Let's look at history. Looking at the example of Scurvy, it appears that people feel a persistent need throughout history, to dumb down dietary problems beyond recognition. The Wikipedia article on Scurvy goes to describe how the cause of Scurvy as a dietary deficiency of then-unknown vitamin C was relatively well understood since antiquity, yet in the 18th century the British navy opted not to help it's people survive, in favor of a simpler explanation: that it was fresh vegetables or acids or even morale that cured Scurvy, which unfortunately for most sailors who afterwards died of Scurvy, was not the case.
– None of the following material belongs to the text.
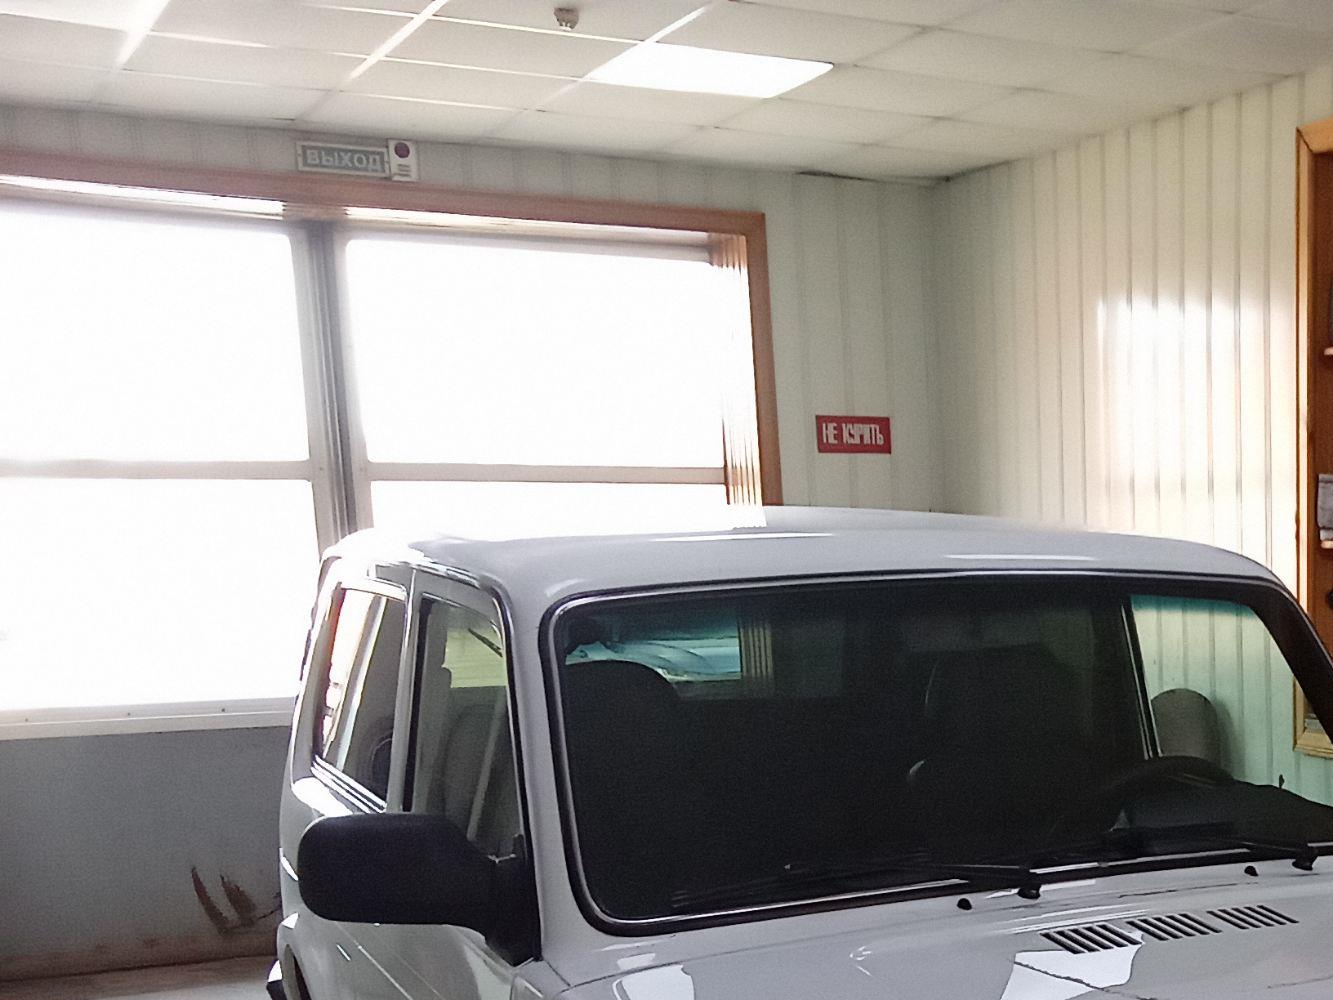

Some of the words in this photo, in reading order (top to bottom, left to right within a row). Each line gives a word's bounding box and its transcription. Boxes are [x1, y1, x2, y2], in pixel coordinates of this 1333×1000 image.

...it was not until 1747 that James Lind formally proved that scurvy could be treated and prevented by supplementing the diet with citrus fruit such as limes or lemons, though not by other acids, in one of the earliest European clinical trials. This solution was not adopted by the Royal Navy until the 1790s, and the idea that any acid would suffice continued in Britain into the late 19th century...
Although a simple display of stupidity in a technical person's eye, the reasons why people opt for these incorrect explanations is no trivial matter. In an article that I and Raffael Kéménczy are co-authoring, myself covering the biology-themed problems and solutions and Raffael covering the social problematics; we will touch on some of the examples of such issues, analyze the data, the possible explanations and present some solutions. It is our understanding that these misconceptions present an important lesson, a failure in the scientific community to transfer knowledge into domestic use; and represents an important problem to be overcome in the quest to provide the highest quality of life for everyone, whilst maintaining personal freedom for all.